PERSPECTIVES
It is difficult to imagine being the parent of a premature baby
and not wanting to do everything you can to save its life. Medical
science is capable of so many miracles, adding almost daily to our
expectations. If there are strong links today between premature
birth and disability in later life, why shouldn’t we hope for new
advances that will sever the link or otherwise avert the problem?
You don’t need to be a crazed optimist to believe that what is
impossible today may be routinely possible tomorrow.
And if the child grows up to have a disability, do we need proof
that almost all parents love and care for their disabled children
as much if not more than their able-bodied ones? Technological
advances promise to make life easier for disabled people and their
carers. Public attitudes are gradually changing to accommodate and
even appreciate differences between human beings.

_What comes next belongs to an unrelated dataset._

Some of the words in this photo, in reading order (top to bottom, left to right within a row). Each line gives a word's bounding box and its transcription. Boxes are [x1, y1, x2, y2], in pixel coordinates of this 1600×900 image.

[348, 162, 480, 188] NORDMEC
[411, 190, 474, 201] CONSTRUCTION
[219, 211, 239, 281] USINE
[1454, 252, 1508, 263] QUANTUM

Equally, it is difficult to imagine a doctor or nurse not wanting
to do everything to save a baby’s life. The “rescue principle” lies
at the heart of their professional ethos and training: if a life is
in danger, they must do everything in their power to save it. Only
rarely does compassion overrule the rescue principle – for example,
where efforts to resuscitate would cause the child a great deal of
pain and distress, and where there is no hope of anything but brief
survival. And these cases are by no means straightforward – take
the recent, harrowing court battles over two severely ill babies,
Charlotte Wyatt and Luke Winston-Jones.
With parental love and heroic medicine lined up together for
“life”, are there really any reputable arguments on the other side?
Is there a case against rescue at all costs?

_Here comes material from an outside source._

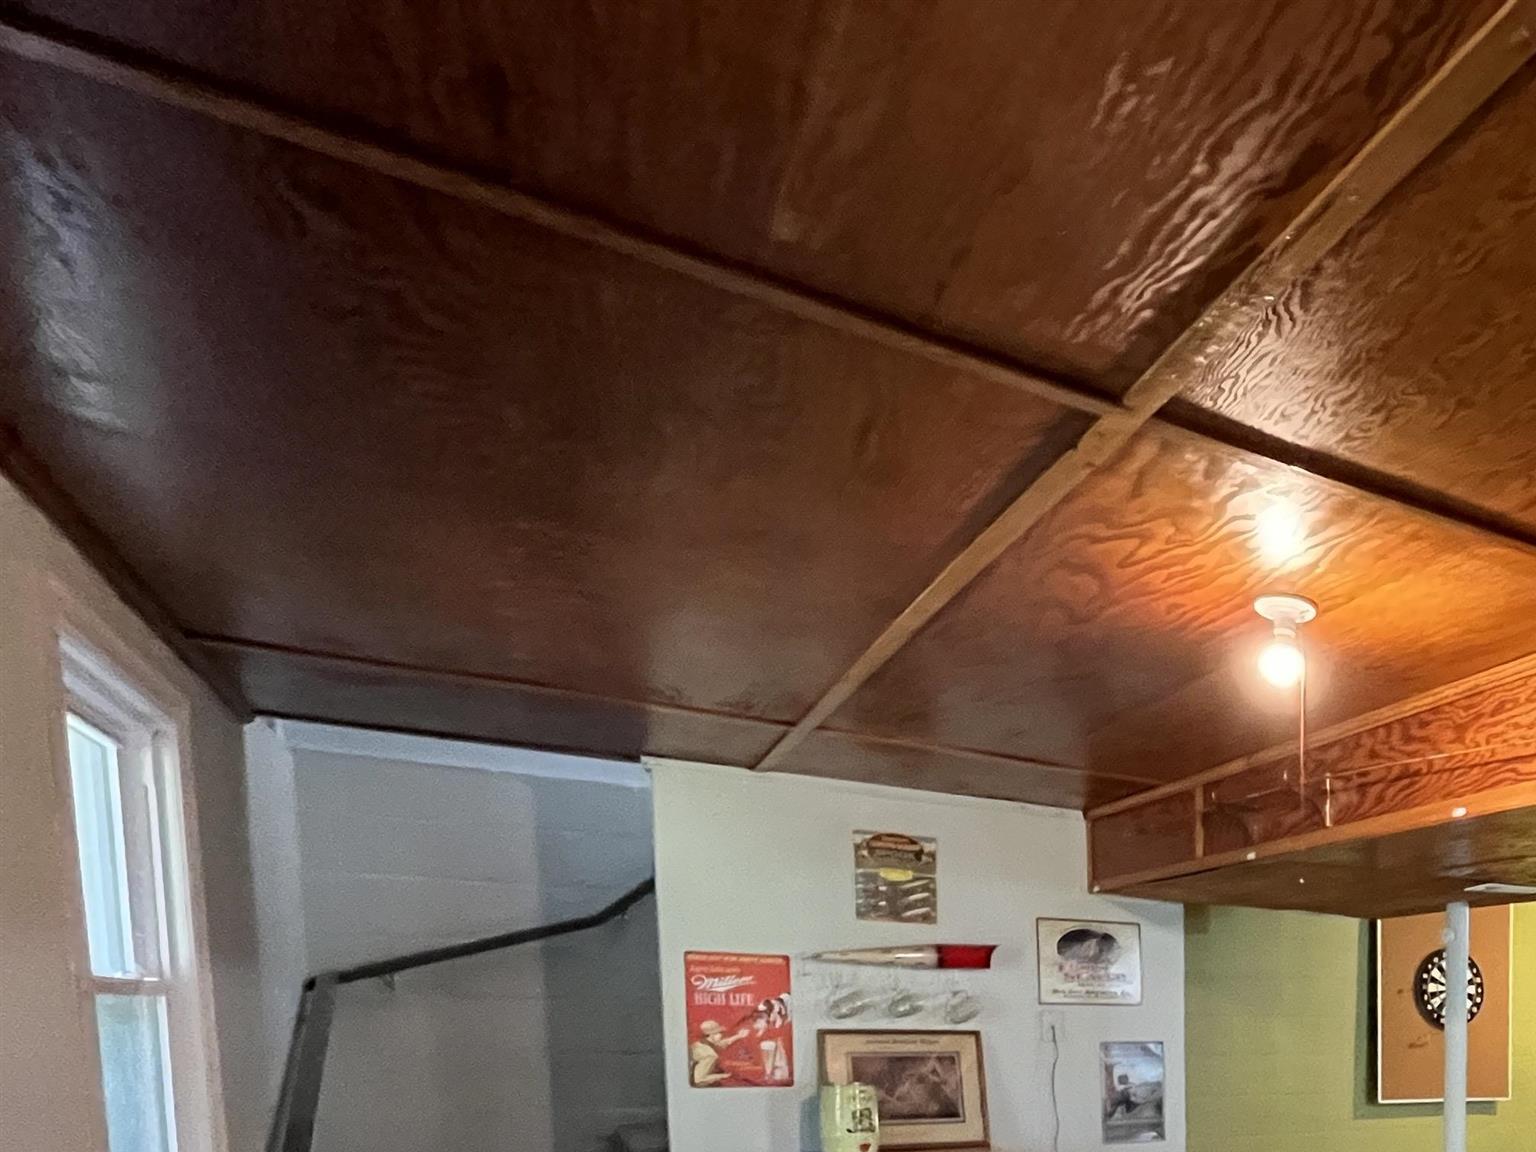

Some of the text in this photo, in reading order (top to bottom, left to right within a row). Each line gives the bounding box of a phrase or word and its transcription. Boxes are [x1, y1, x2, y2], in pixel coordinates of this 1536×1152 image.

[691, 974, 757, 992] Miller
[694, 992, 755, 1006] HIGH LIFE

But costs, inevitably, are what it comes down to. Health resources
are shared and finite. And here is where it becomes complicated.

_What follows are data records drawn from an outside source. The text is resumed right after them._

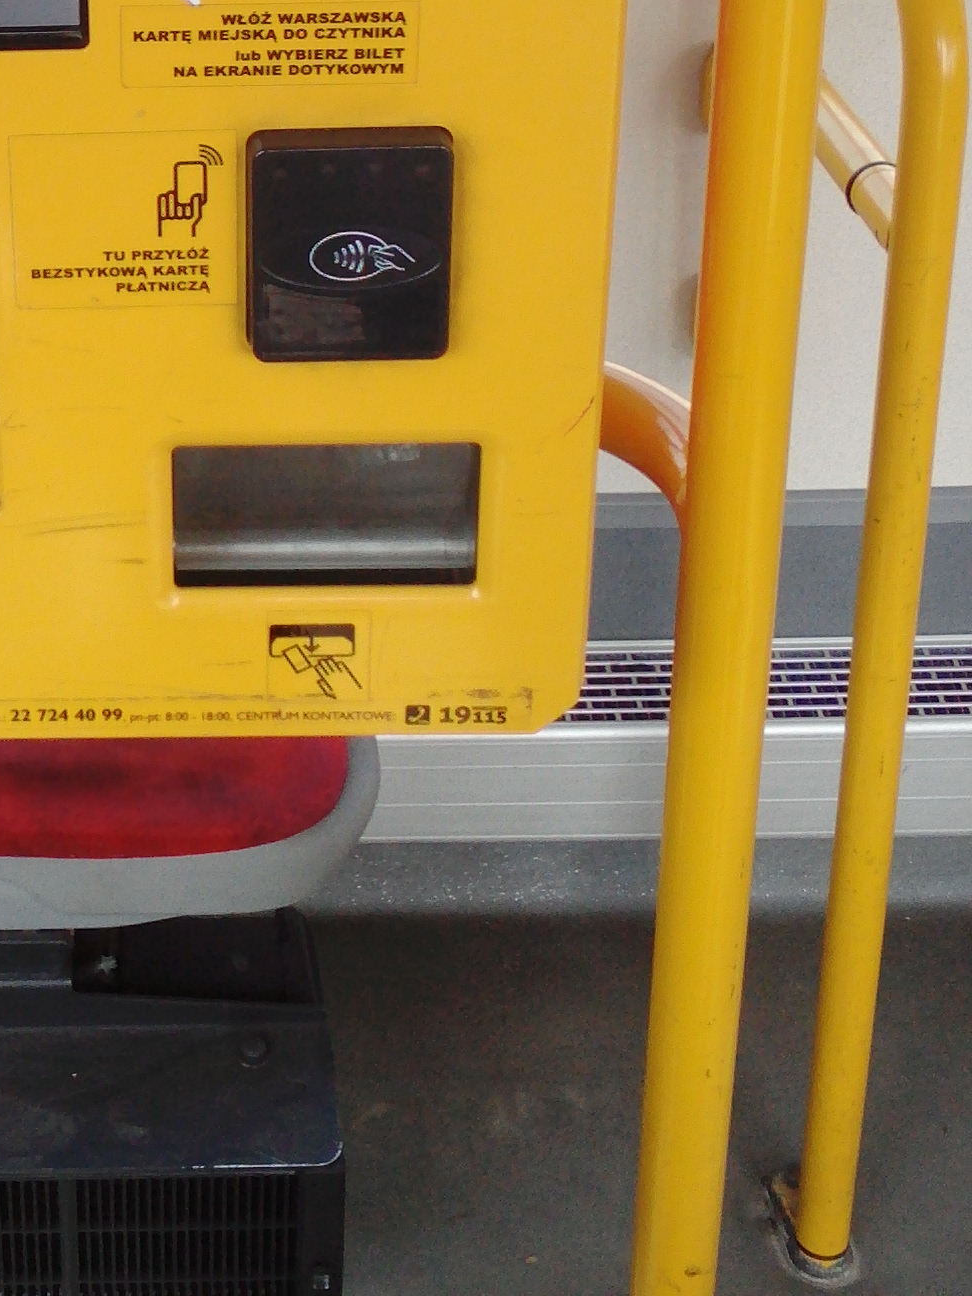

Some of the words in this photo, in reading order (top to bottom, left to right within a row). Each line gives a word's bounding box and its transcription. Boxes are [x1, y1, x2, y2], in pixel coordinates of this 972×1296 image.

[221, 10, 272, 26] WŁÓŻ
[278, 11, 406, 25] WARSZAWSKĄ
[133, 30, 192, 45] KARTĘ
[198, 28, 277, 43] MIEJSKĄ
[283, 28, 308, 40] DO
[314, 27, 406, 40] CZYTNIKA
[235, 49, 261, 62] lub
[266, 49, 348, 61] WYBIERZ
[354, 48, 405, 60] BILET
[173, 66, 198, 78] NA
[204, 65, 283, 77] EKRANIE
[288, 63, 404, 76] DOTYKOWYM
[102, 250, 126, 262] TU
[131, 247, 210, 261] PRZYŁÓŻ
[31, 266, 148, 280] BEZSTYKOWĄ
[152, 263, 210, 279] KARTĘ
[115, 280, 211, 294] PŁATNICZĄ
[10, 709, 31, 722] 22
[37, 708, 68, 722] 724
[74, 708, 96, 722] 40
[236, 710, 299, 722] CENTRUM
[439, 705, 508, 725] 19115

Rescuing lives that are in acute danger is an utterly compelling
idea – one that has achieved iconic status, powerfully affecting
the way we think about health services. But it is just as important
to prevent illness before it occurs, and to care for those who have
to live with chronic, though not life-threatening, conditions.
Money spent on saving lives cannot be spent, now or in the future,
on other functions that are no less essential although they may
seem less glamorous in the popular imagination.
However much taxpayers’ money is invested in the NHS, it will never
be enough to meet all the needs of all the population. This is
partly because people have rising health expectations, partly
because scientists and others keep coming up with new things to
spend money on, and partly because health and social care services
are labour-intensive, and labour costs continue to rise.
The problem of sharing out finite resources will not be solved by
trying to increase the size of the cake:however big the cake, it
still has to be shared out. So it is legitimate to ask whether
money spent on any health intervention, including saving the life
of a premature baby, is appropriately and fairly invested. In a
publicly funded system that aims to provide universal health care,
free at the point of use for all who need it, choices must be made
by negotiating between claims and interests. This is the
“rationing” debate which has dogged health policy for many
decades.
Health economists and others have worked hard to come up with
satisfactory criteria for allocating health resources. The QALY, or
quality-adjusted life year, estimates the number of years and
quality of life gained as a result of an intervention. The “fair
innings” argument is predicated on a “natural” lifespan for
everyone, and so favours spending more on prolonging younger than
older lives. Some judgements rely on public opinion about how tax
revenue should be spent; others on expert analysis of the likely
outcome of particular treatments. The National Institute for
Clinical Excellence was set up to generate authoritative judgements
about which interventions are worthy of public expenditure, drawing
on scientific appraisal as well as public opinion.
But it may be impossible to arrive at a definitive formula for
distributing health resources that satisfies everyone. So let’s at
least keep things in perspective. A universal health system is
about much more than saving lives. It is about giving everyone an
equal chance to live long and healthy lives – within the limits of
unavoidable risk and disadvantage, and of finite shared resources.
We cannot afford to let the rescue principle override less
glamorous claims on the public purse.
Anna Coote is Drector of Public Health, The King’s Fund.